Here, the job is to give back every entry below unchanged, omitting pictures.
---
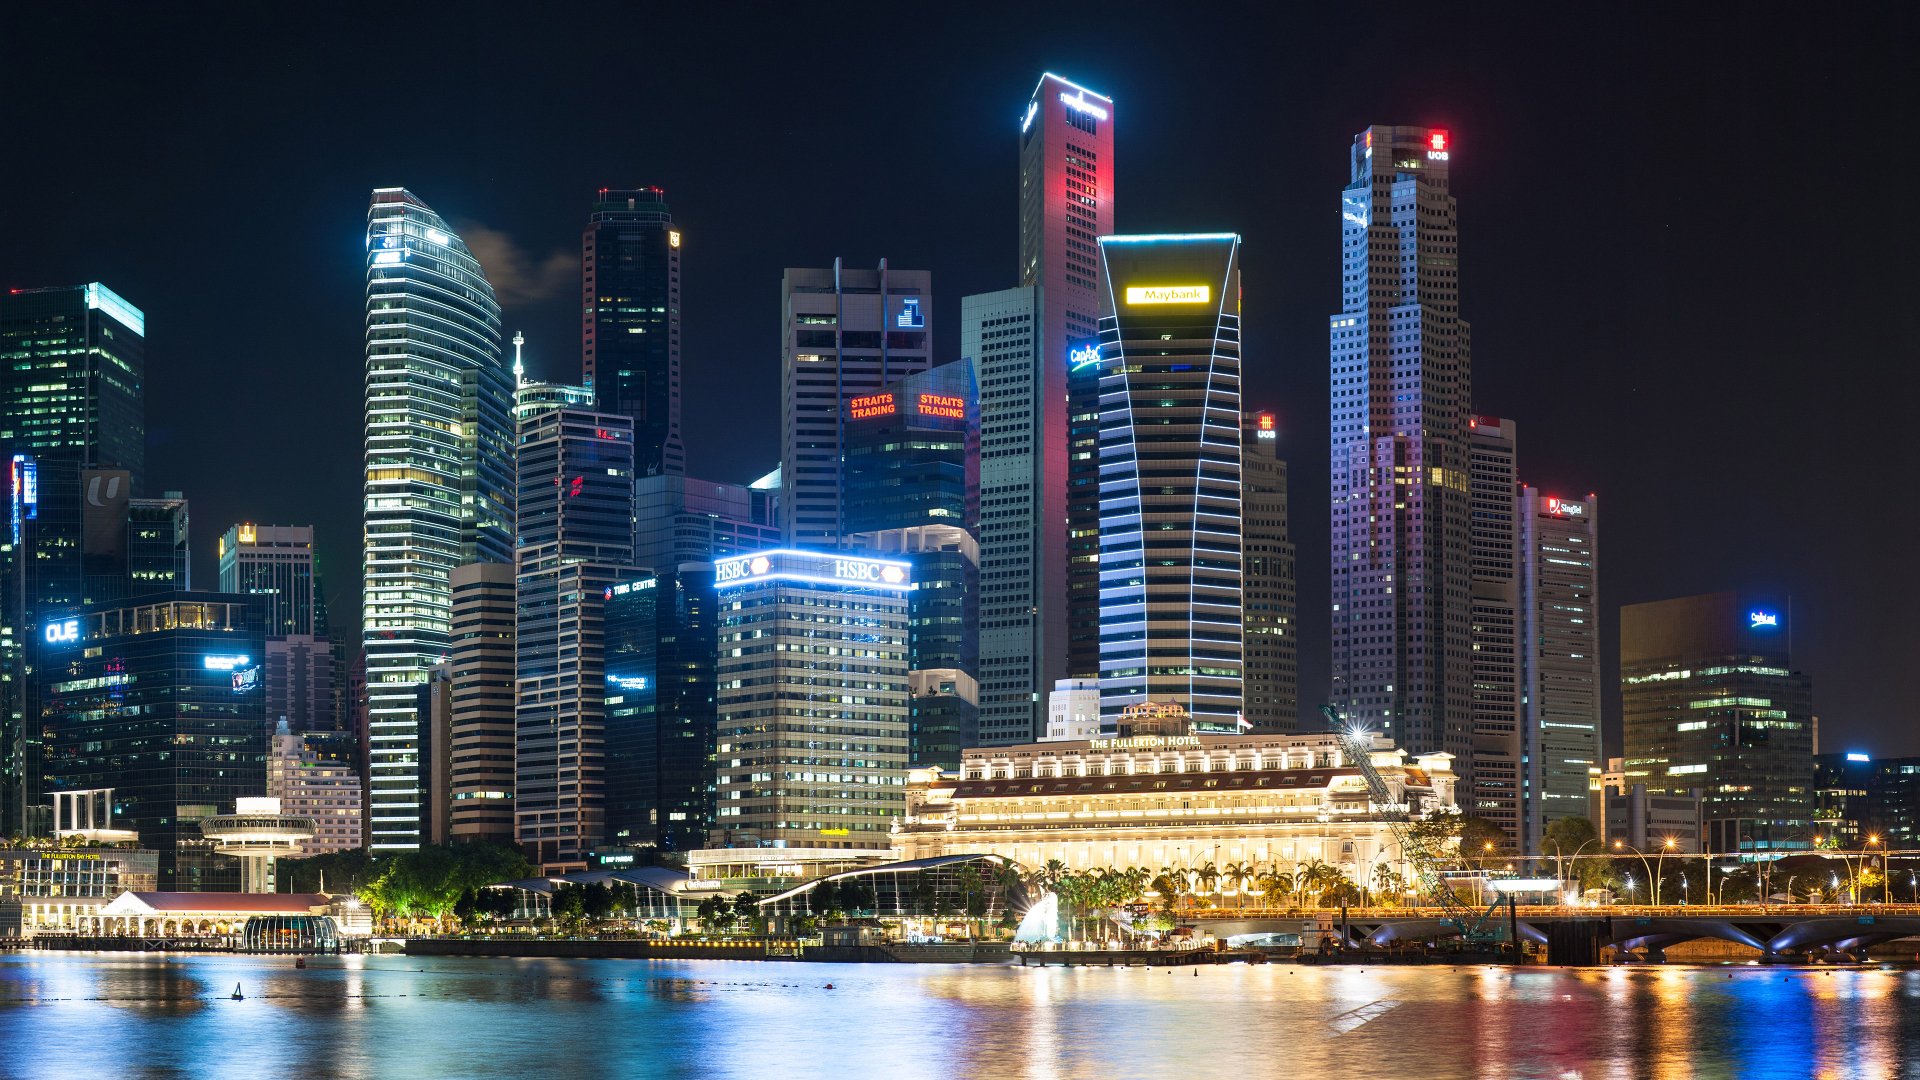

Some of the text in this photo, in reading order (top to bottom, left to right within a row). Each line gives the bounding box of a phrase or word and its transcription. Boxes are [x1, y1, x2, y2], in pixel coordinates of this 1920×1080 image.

[1428, 151, 1448, 160] UOB
[1145, 289, 1201, 301] Maybank
[852, 394, 893, 408] STRAITS
[921, 395, 964, 407] STRAITS
[852, 405, 895, 418] TRADING
[919, 405, 963, 418] TRADING
[716, 560, 750, 581] HSBC
[835, 560, 880, 580] HSBC
[614, 578, 656, 595] TUNG CENTRE
[46, 621, 79, 641] OUE
[1090, 736, 1200, 748] THE FULLERTON HOTEL
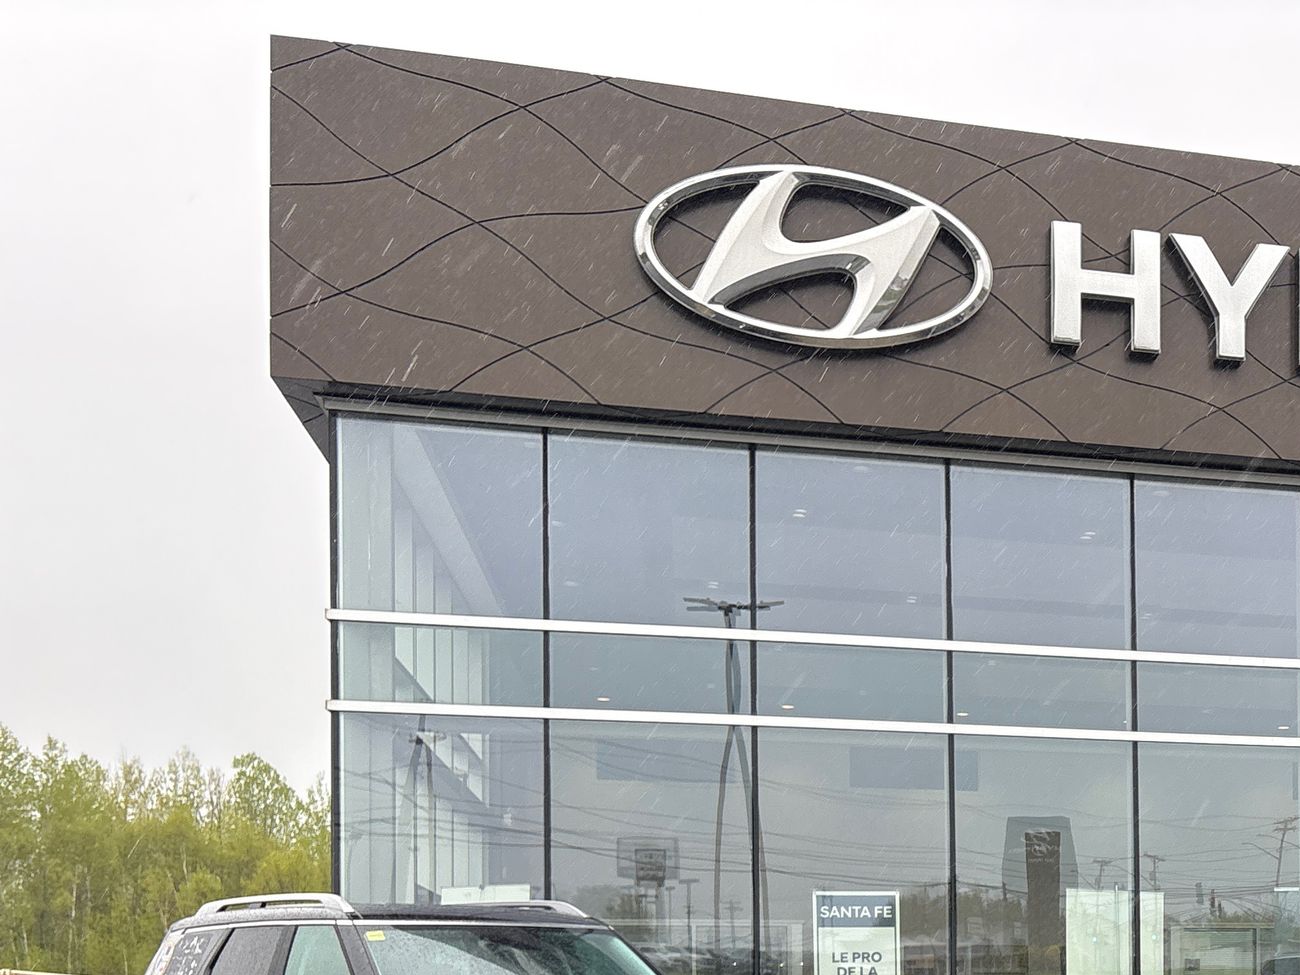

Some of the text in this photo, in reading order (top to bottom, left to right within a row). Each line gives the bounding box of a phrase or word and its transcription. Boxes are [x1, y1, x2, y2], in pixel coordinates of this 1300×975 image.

[820, 906, 893, 918] SANTA FE
[832, 952, 882, 963] LE PRO
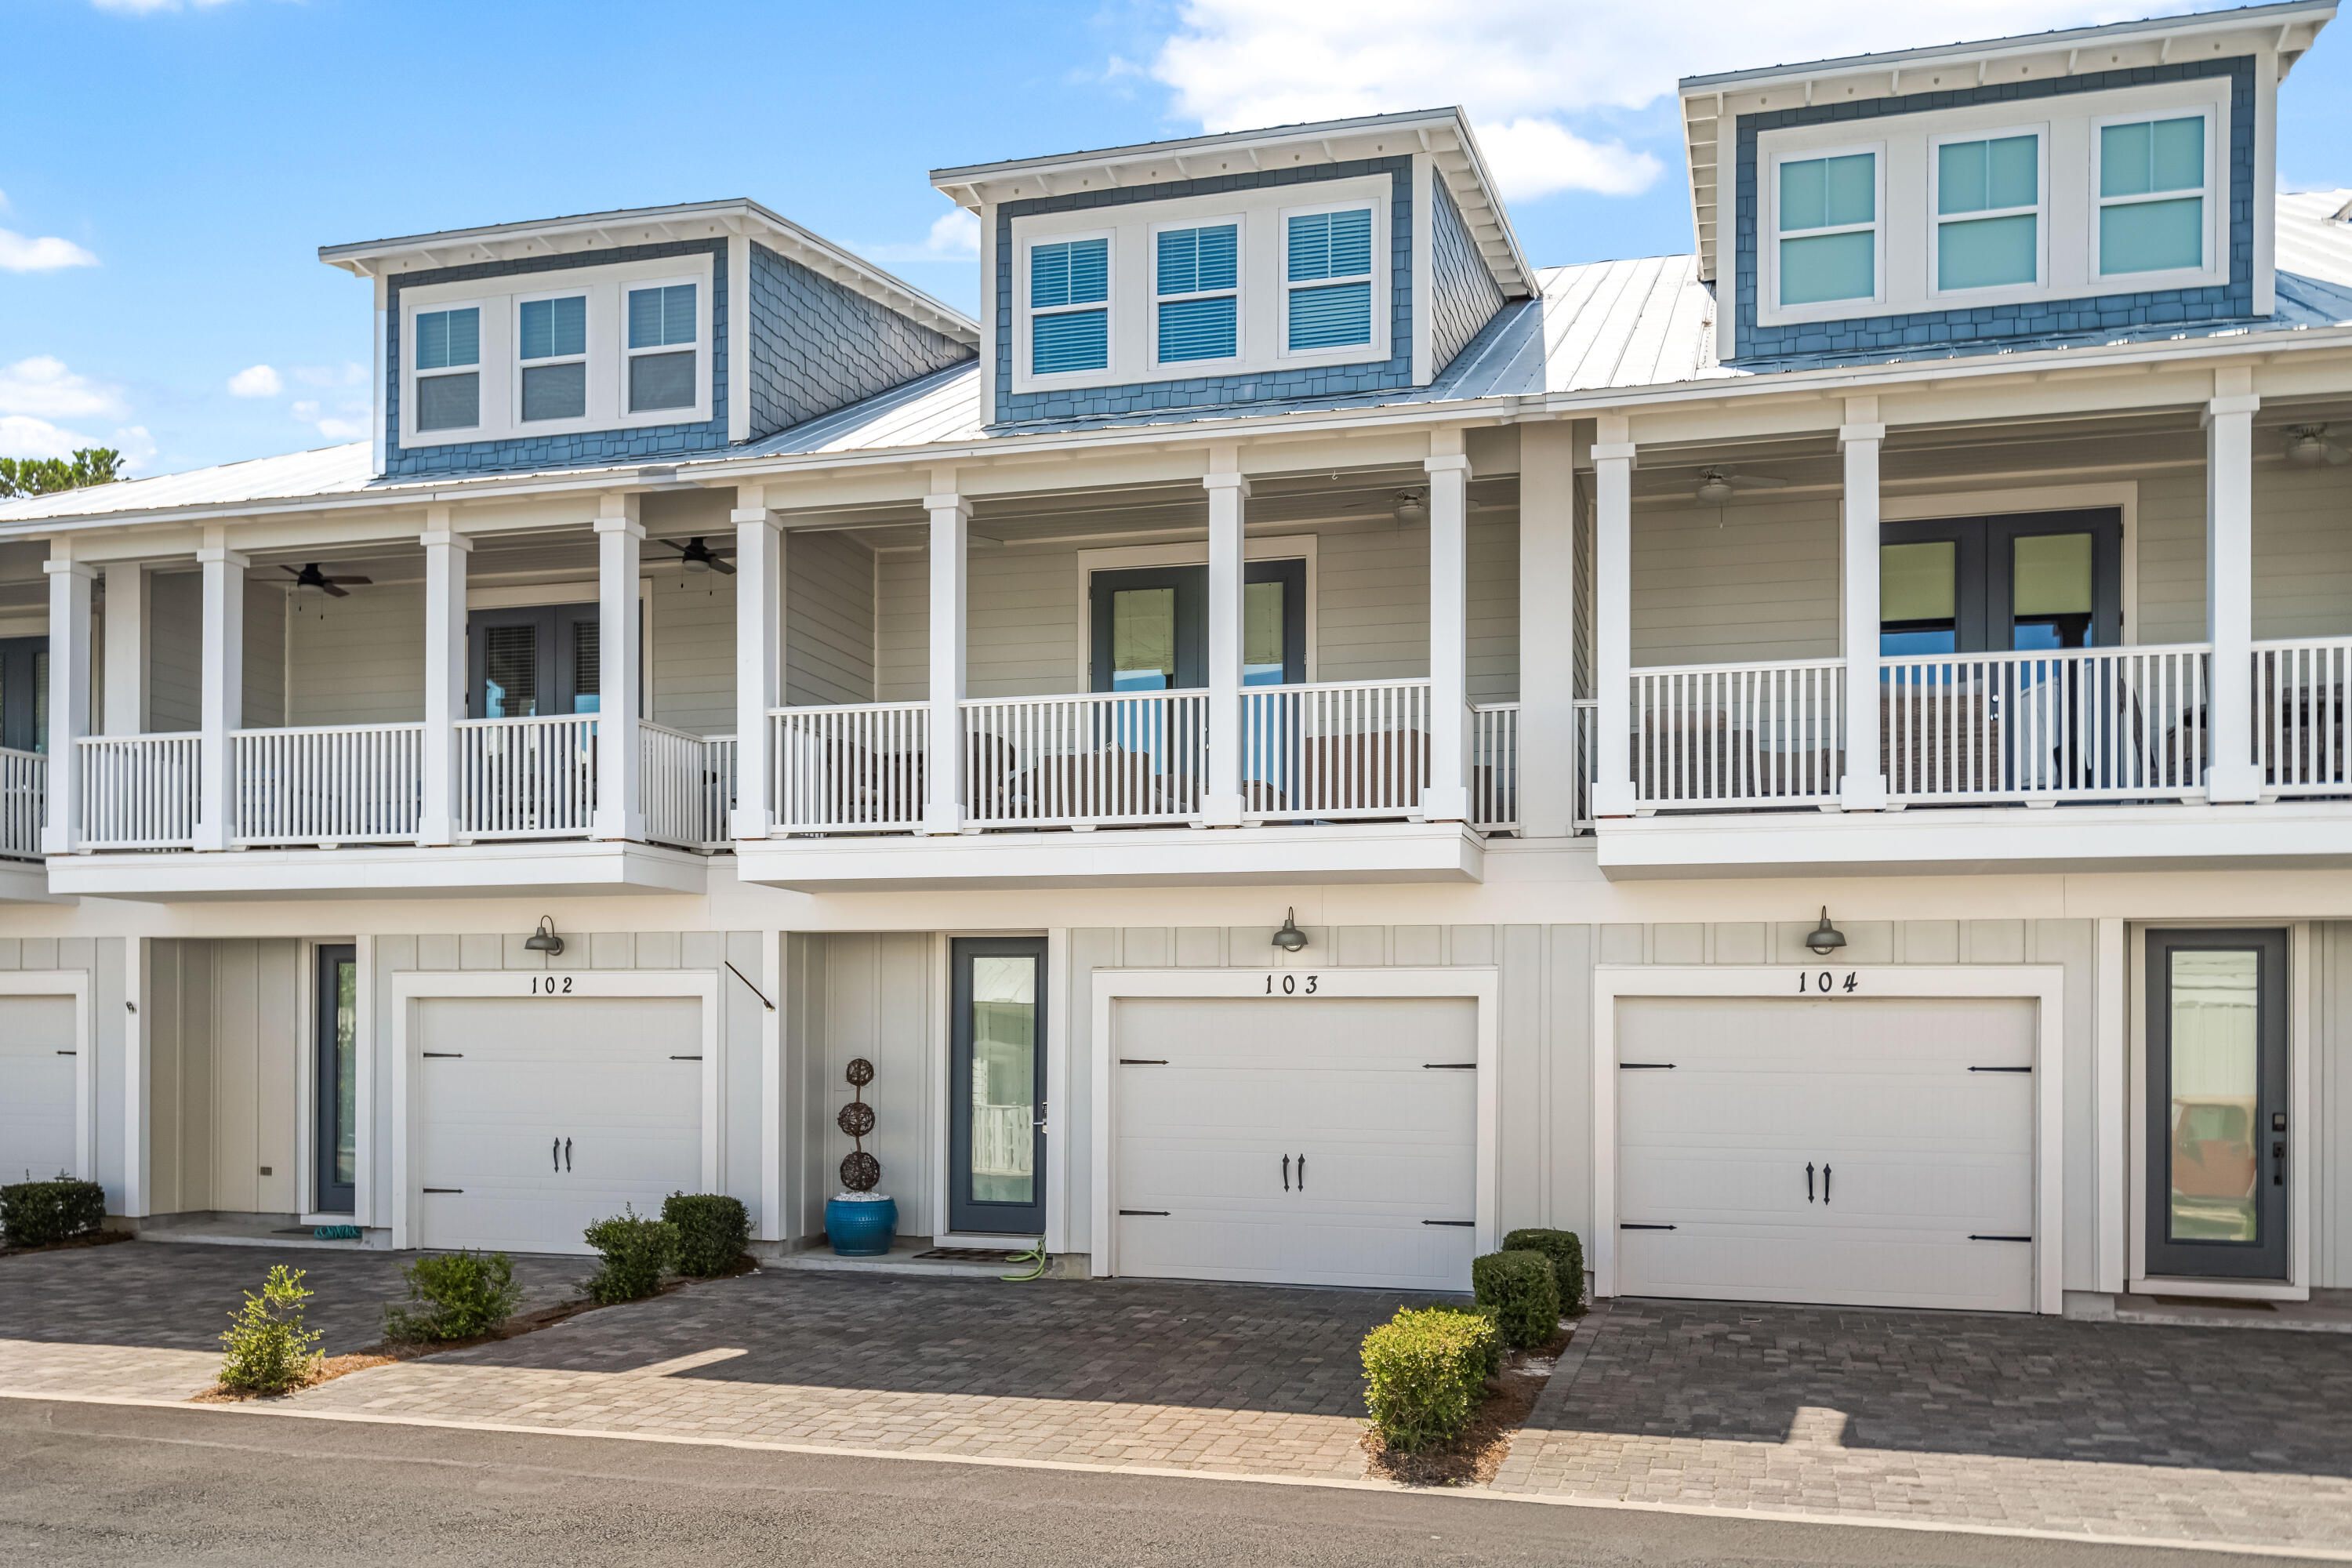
---
_WRITTEN RESPONSE:_
Some of the text in this photo, in reading order (top to bottom, left to right within a row). Each line gives the bounding box of a phrase or word and its transcription. Boxes are [x1, y1, x2, y2], in pixel coordinates of this 1920×1080 image.

[1428, 151, 1448, 160] UOB
[1145, 289, 1201, 301] Maybank
[852, 394, 893, 408] STRAITS
[921, 395, 964, 407] STRAITS
[852, 405, 895, 418] TRADING
[919, 405, 963, 418] TRADING
[716, 560, 750, 581] HSBC
[835, 560, 880, 580] HSBC
[614, 578, 656, 595] TUNG CENTRE
[46, 621, 79, 641] OUE
[1090, 736, 1200, 748] THE FULLERTON HOTEL

Some of the text in this photo, in reading order (top to bottom, left to right within a row). Each line gives the bounding box of a phrase or word and its transcription. Boxes are [x1, y1, x2, y2], in pixel coordinates of this 1300×975 image.

[820, 906, 893, 918] SANTA FE
[832, 952, 882, 963] LE PRO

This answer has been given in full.